Task statement: Leave out the images and set down the records below exactly.

══ Data records ══

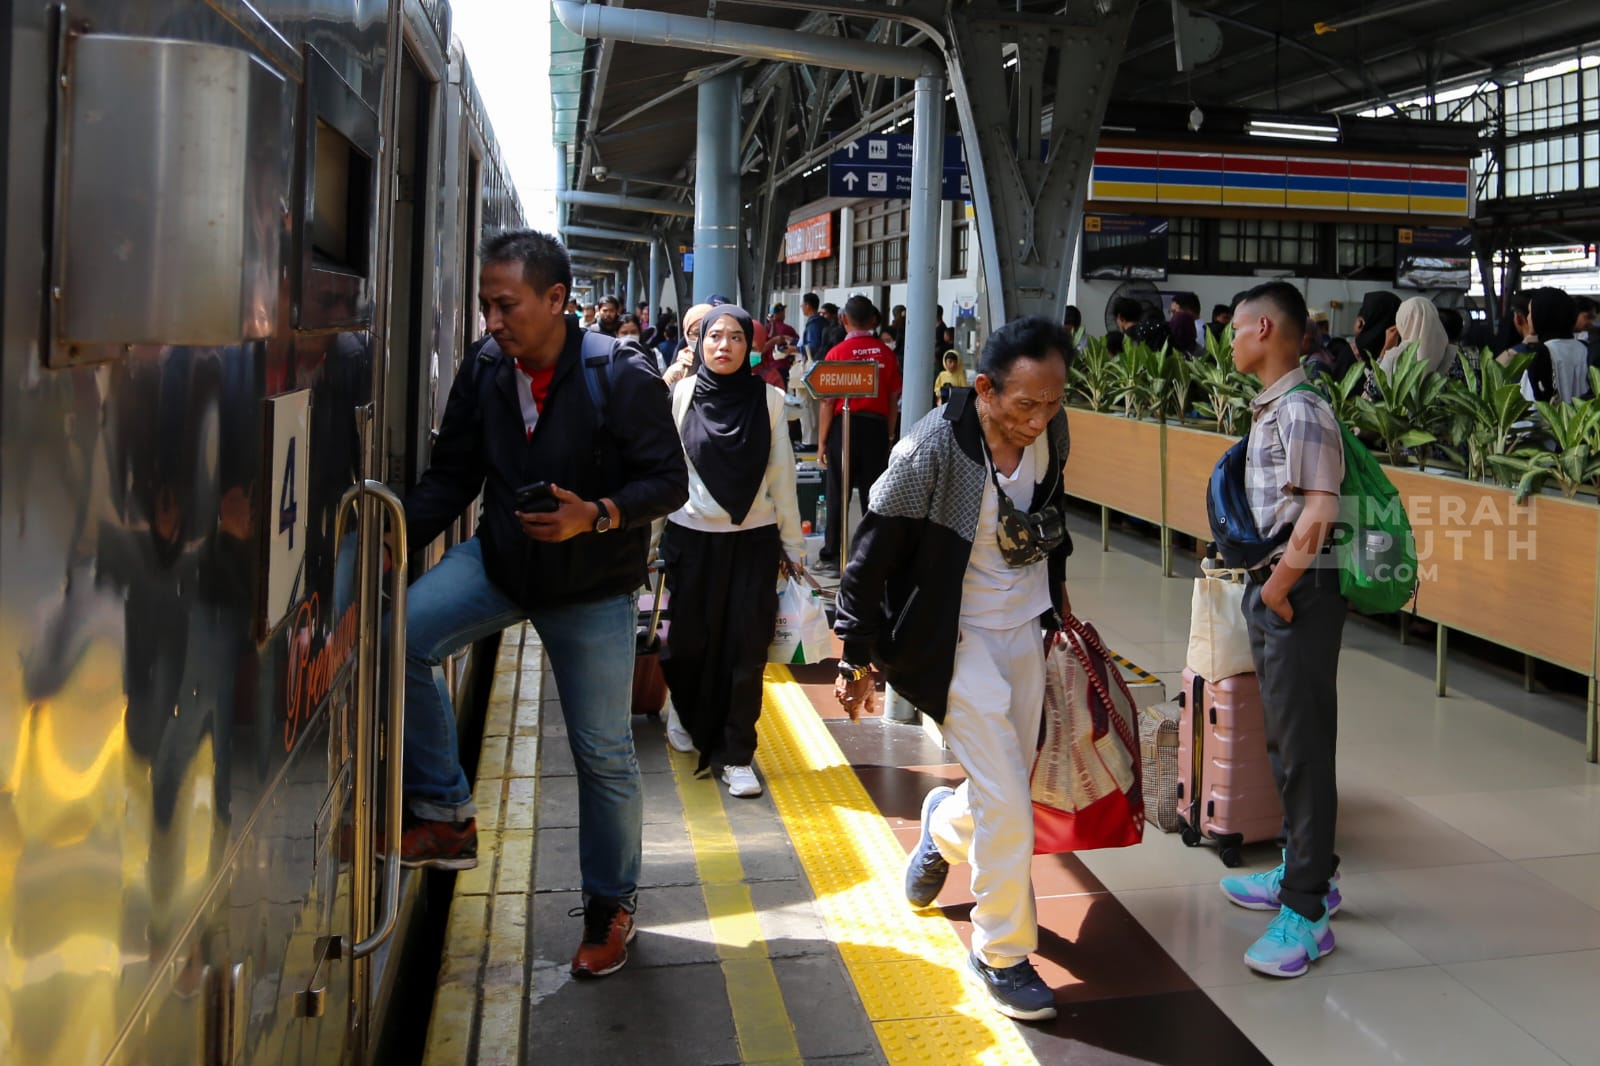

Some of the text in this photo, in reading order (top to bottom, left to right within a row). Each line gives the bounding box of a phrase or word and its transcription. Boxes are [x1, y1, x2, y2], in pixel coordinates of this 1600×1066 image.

[897, 143, 913, 151] Toile
[852, 347, 881, 356] PORTER
[279, 436, 297, 551] 4
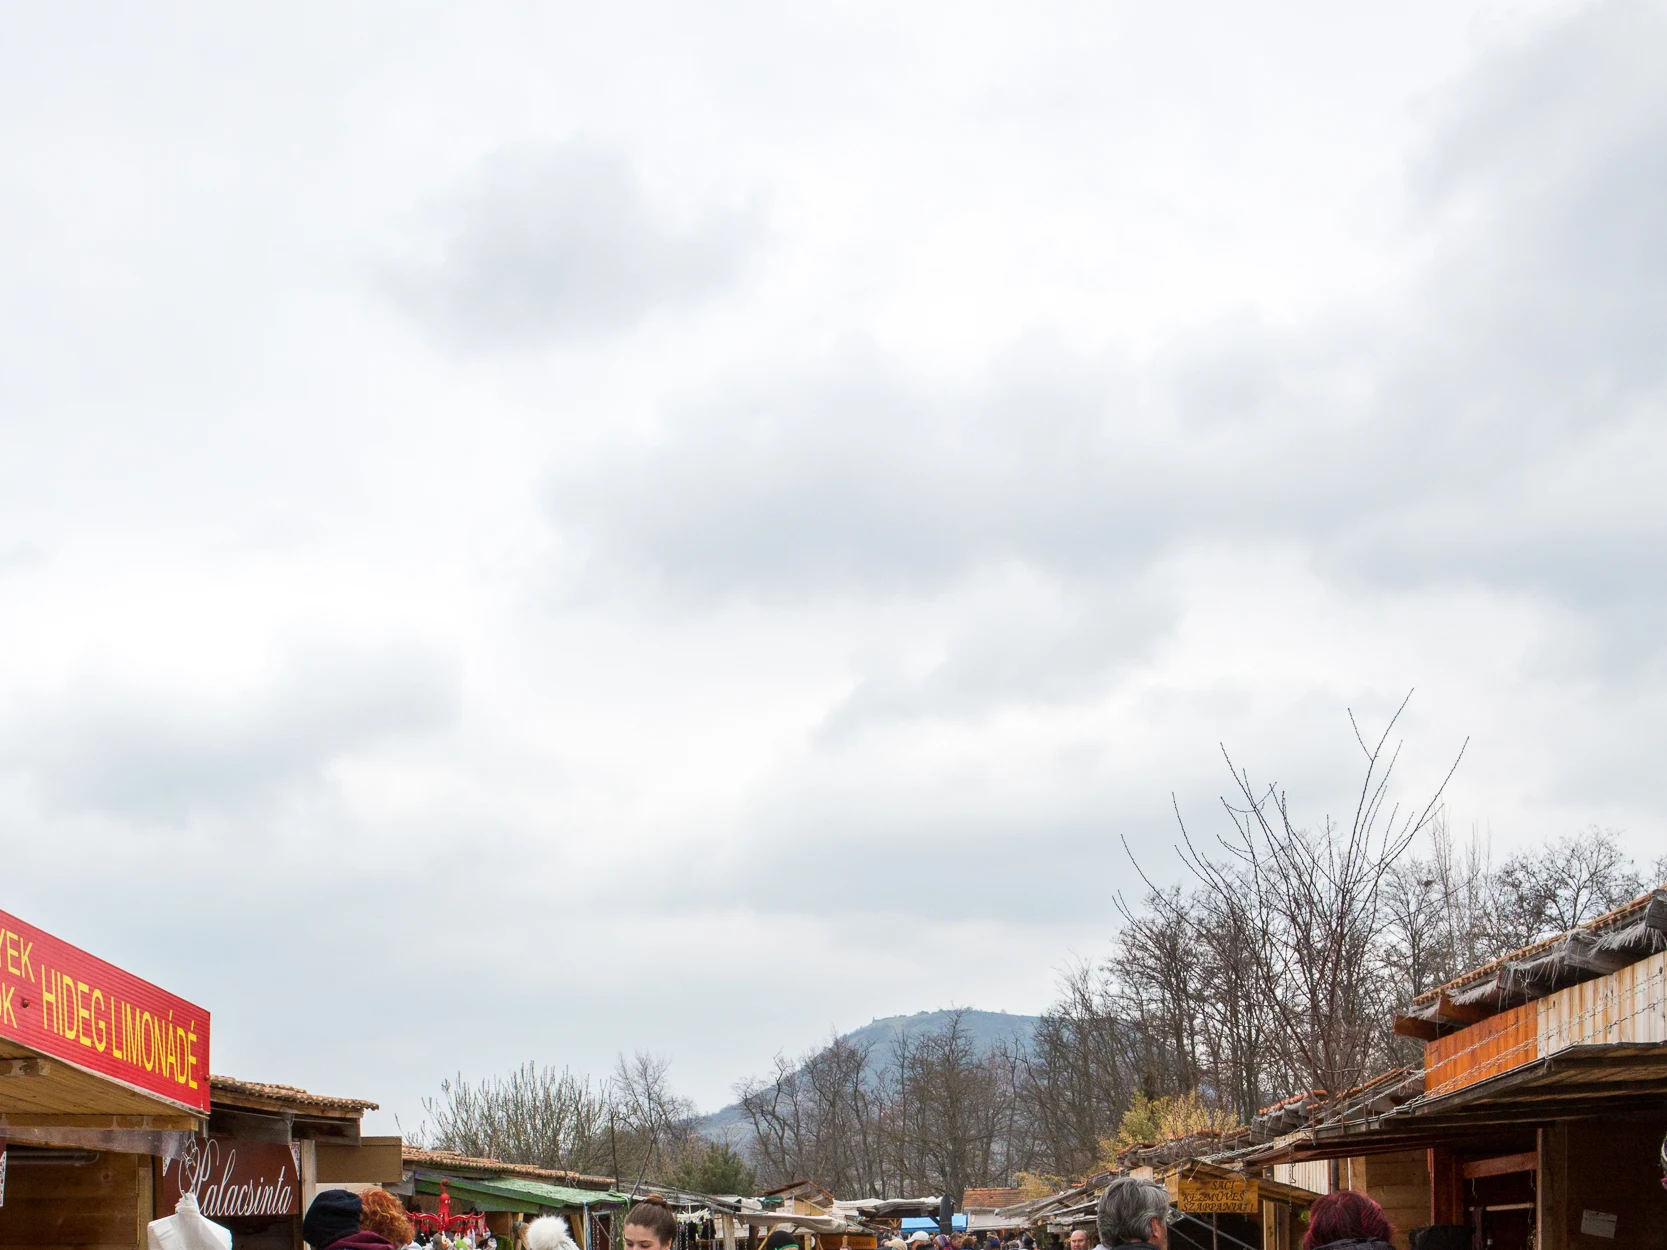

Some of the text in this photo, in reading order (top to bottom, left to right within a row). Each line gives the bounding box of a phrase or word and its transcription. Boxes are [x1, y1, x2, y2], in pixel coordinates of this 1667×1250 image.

[42, 964, 198, 1090] HIDEG LIMONÁDÉ
[179, 1139, 293, 1216] Palacsinta
[1211, 1181, 1235, 1190] SACI
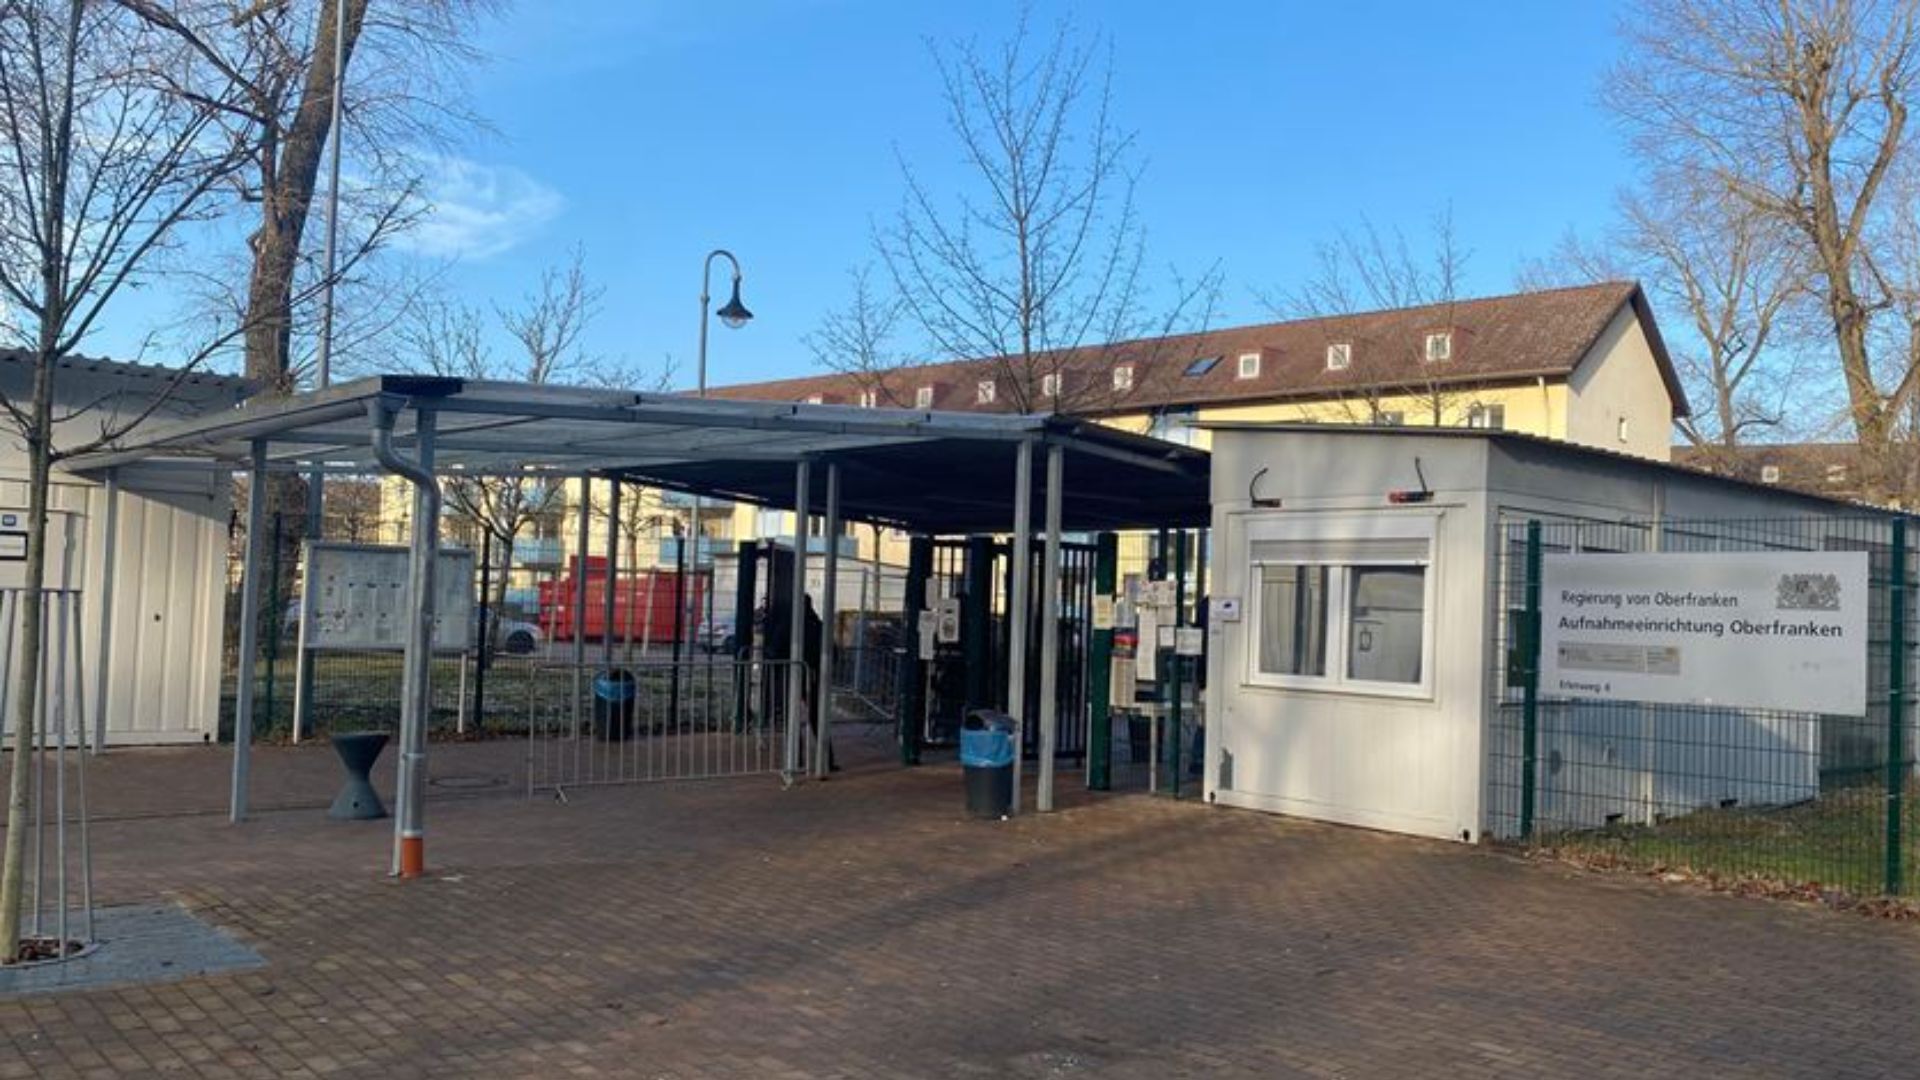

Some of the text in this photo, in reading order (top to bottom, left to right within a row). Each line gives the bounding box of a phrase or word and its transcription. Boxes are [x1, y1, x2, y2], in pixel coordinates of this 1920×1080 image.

[1561, 589, 1738, 608] Regierung von Oberfranken
[1558, 616, 1843, 638] Aufnahmeeinrichtung Oberfranken

═══

Expected answer:
Some of the text in this photo, in reading order (top to bottom, left to right within a row). Each line gives the bounding box of a phrase or word and its transcription. Boxes are [x1, y1, x2, y2], in pixel coordinates of this 1600×1066 image.

[897, 143, 913, 151] Toile
[852, 347, 881, 356] PORTER
[279, 436, 297, 551] 4

Some of the text in this photo, in reading order (top to bottom, left to right within a row). Each line gives the bounding box of a phrase or word and its transcription. Boxes are [x1, y1, x2, y2], in pixel coordinates of this 1667×1250 image.

[42, 964, 198, 1090] HIDEG LIMONÁDÉ
[179, 1139, 293, 1216] Palacsinta
[1211, 1181, 1235, 1190] SACI

Some of the text in this photo, in reading order (top to bottom, left to right within a row). Each line gives the bounding box of a phrase or word and its transcription. Boxes are [x1, y1, x2, y2], in pixel coordinates of this 1920×1080 image.

[1561, 589, 1738, 608] Regierung von Oberfranken
[1558, 616, 1843, 638] Aufnahmeeinrichtung Oberfranken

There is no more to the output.